[[ THE INPUT open ]]

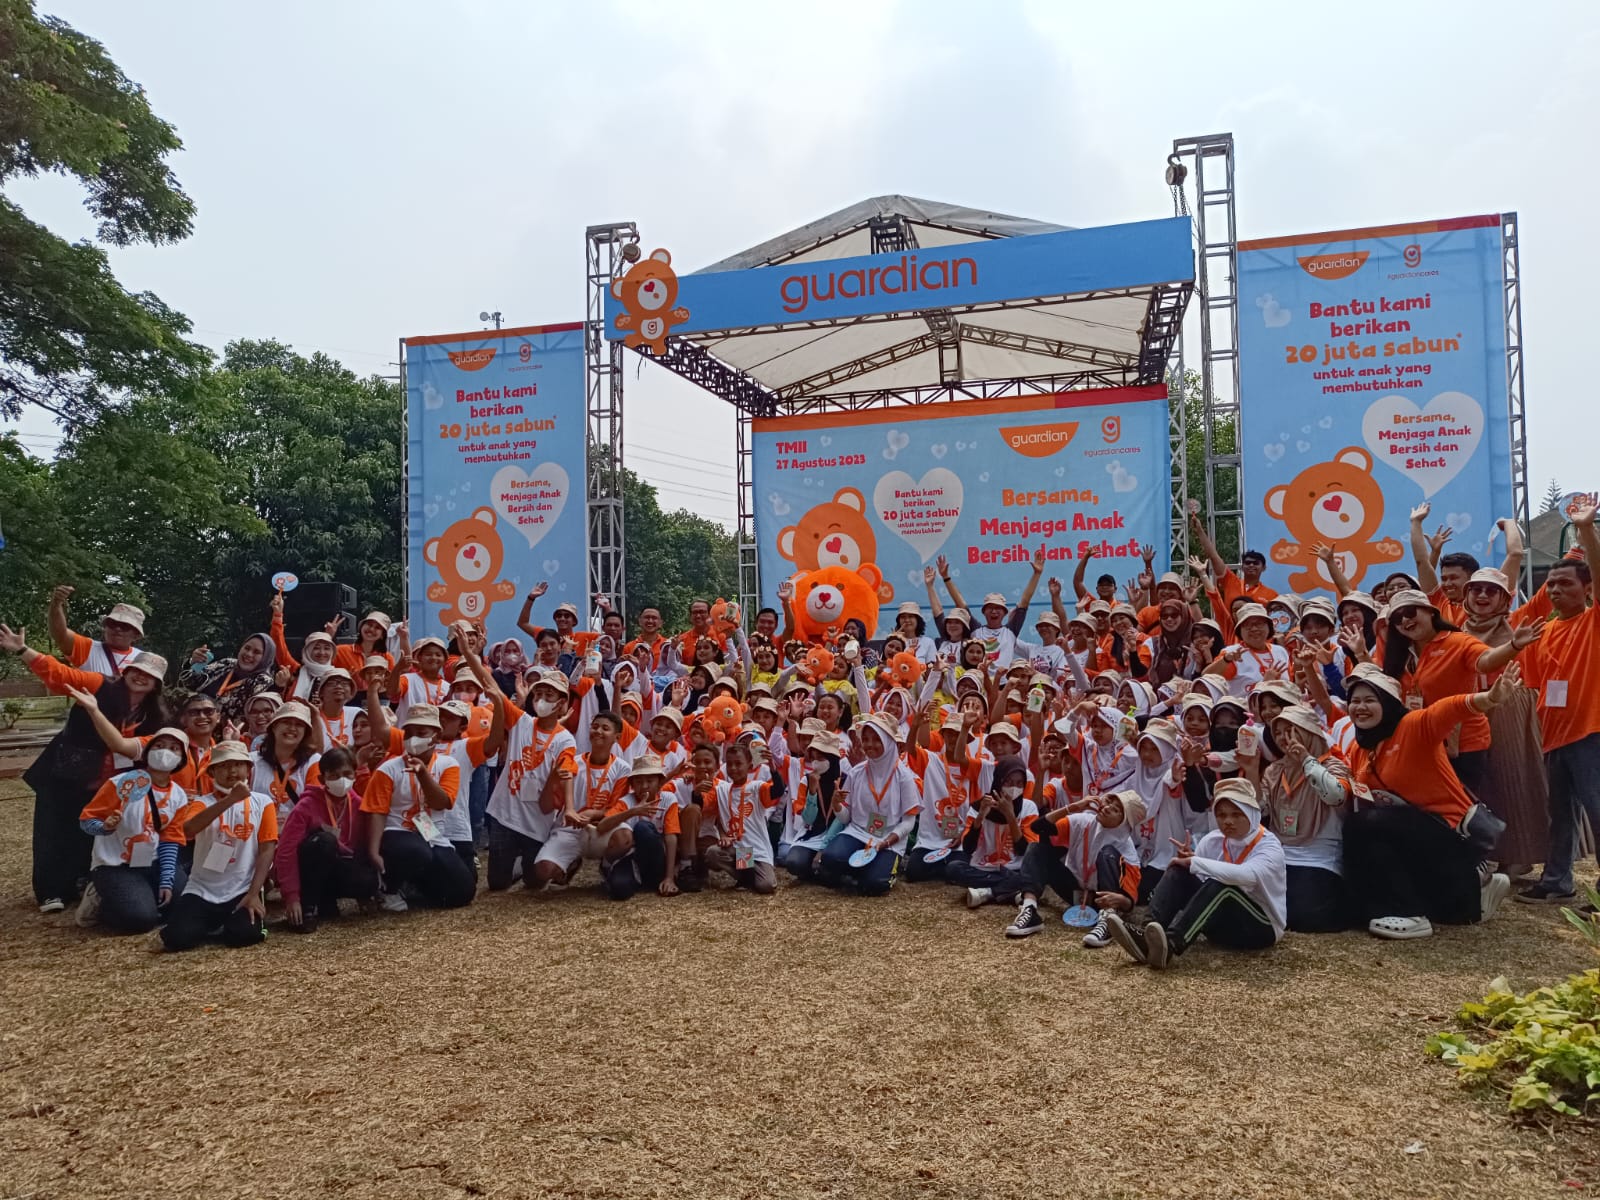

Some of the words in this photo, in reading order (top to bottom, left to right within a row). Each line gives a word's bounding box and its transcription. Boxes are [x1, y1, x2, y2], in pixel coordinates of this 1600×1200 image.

[1309, 257, 1360, 272] guardian
[781, 255, 977, 313] guardian
[1310, 299, 1374, 318] Bantu
[1380, 294, 1431, 312] kami
[1331, 318, 1410, 337] berikan
[455, 354, 490, 366] guardian
[1286, 345, 1317, 363] 20
[1322, 343, 1376, 365] juta
[1313, 368, 1354, 380] untuk
[1358, 365, 1392, 376] anak
[1396, 364, 1431, 376] yang
[456, 387, 499, 403] Bantu
[504, 383, 537, 398] kami
[1323, 379, 1423, 394] membutuhkan
[470, 404, 523, 418] berikan
[1393, 414, 1455, 425] Bersama,
[440, 423, 461, 438] 20
[465, 422, 500, 441] juta
[1012, 430, 1068, 447] guardian
[1379, 429, 1434, 441] Menjaga
[1438, 426, 1471, 437] Anak
[459, 442, 486, 453] untuk
[488, 441, 510, 450] anak
[513, 440, 536, 449] yang
[776, 441, 807, 454] TMII
[1390, 443, 1430, 455] Bersih
[1433, 442, 1458, 452] dan
[465, 452, 530, 463] membutuhkan
[776, 459, 788, 469] 27
[791, 457, 836, 471] Agustus
[839, 454, 865, 466] 2023
[1406, 457, 1446, 469] Sehat
[511, 480, 550, 489] Bersama,
[501, 493, 537, 502] Menjaga
[539, 490, 561, 499] Anak
[895, 490, 921, 498] Bantu
[923, 488, 943, 496] kami
[1002, 488, 1099, 506] Bersama,
[508, 504, 534, 513] Bersih
[904, 499, 935, 507] berikan
[518, 516, 544, 524] Sehat
[883, 510, 897, 520] 20
[899, 509, 923, 521] juta
[980, 516, 1067, 538] Menjaga
[1072, 511, 1125, 530] Anak
[968, 544, 1029, 564] Bersih
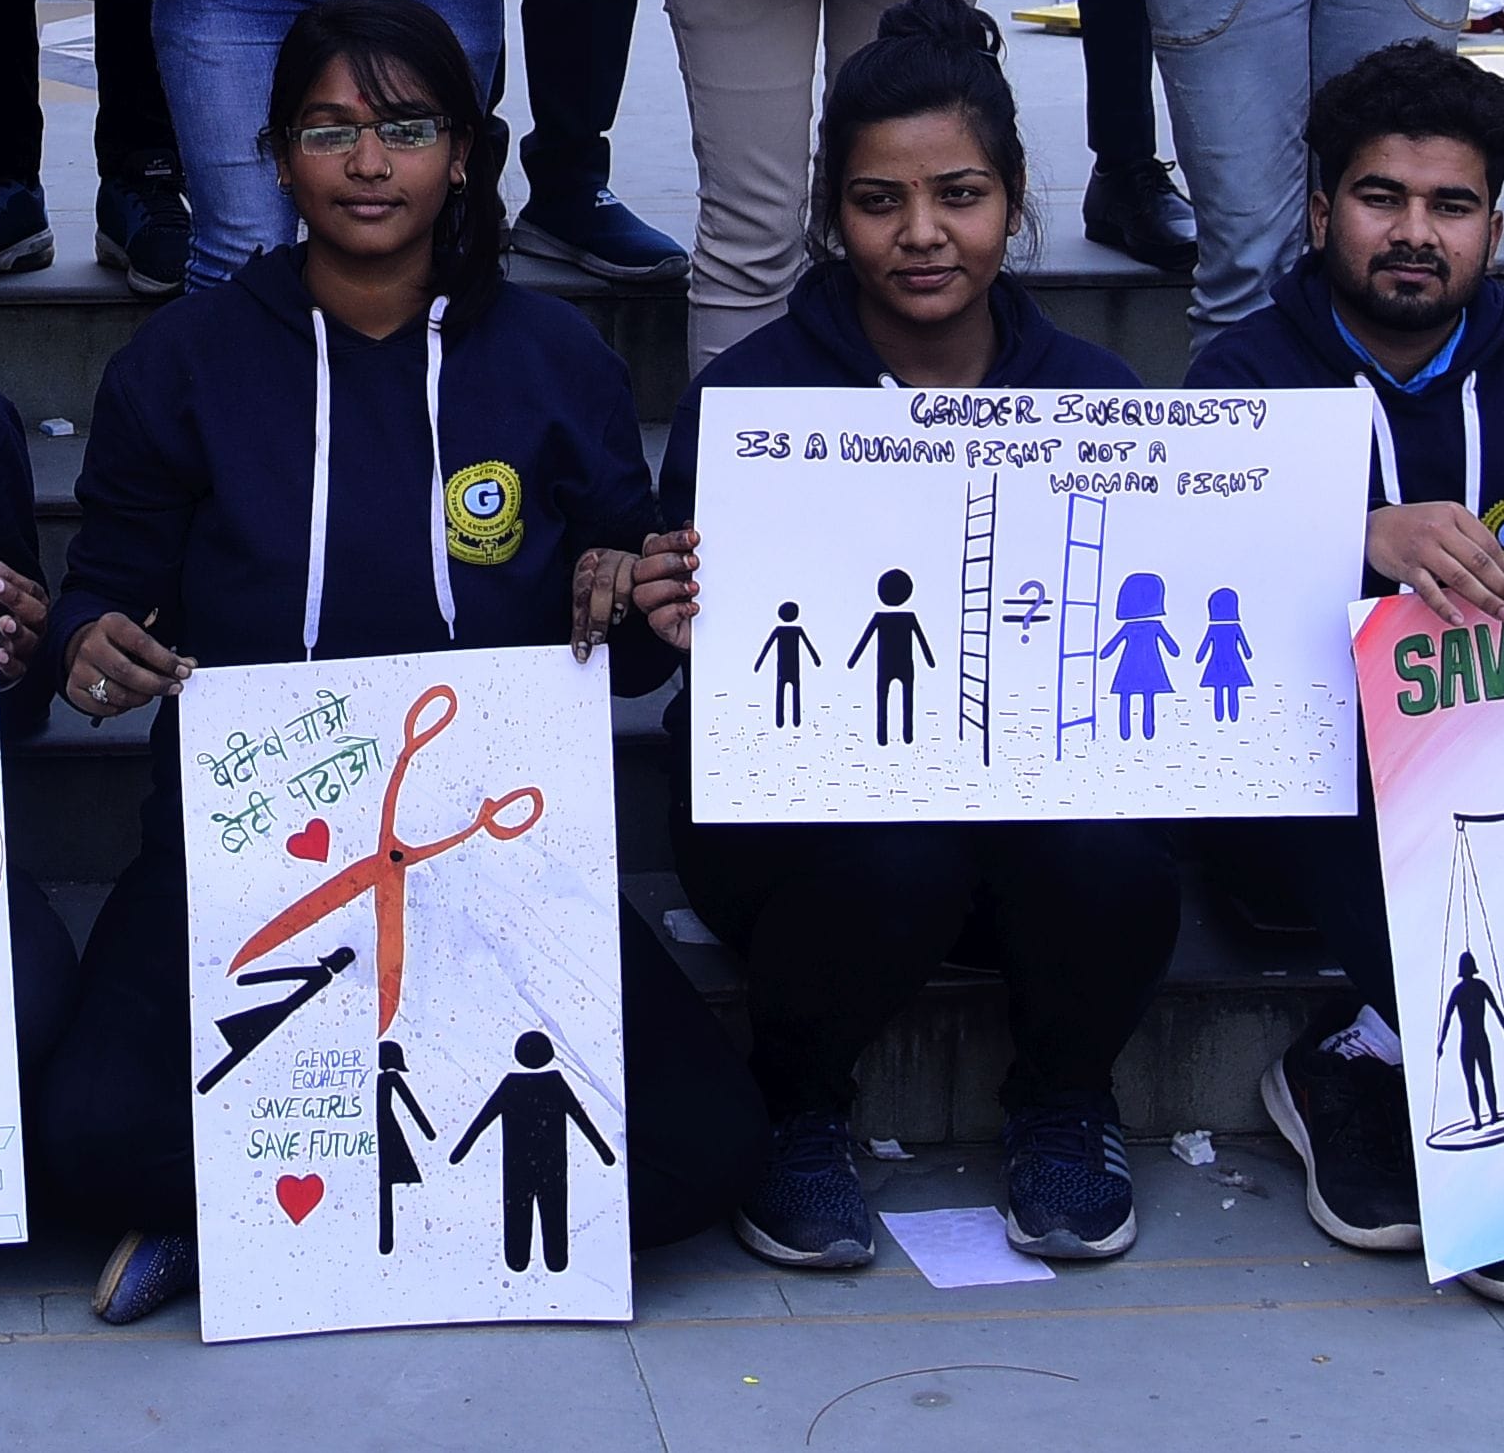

[[ THE INPUT closed ]]

* [WHAT THE EXERCISE ASKS]: Copy each line holding the word "juta" from the listing above.

* [ANSWER BOX]:
[1322, 343, 1376, 365] juta
[465, 422, 500, 441] juta
[899, 509, 923, 521] juta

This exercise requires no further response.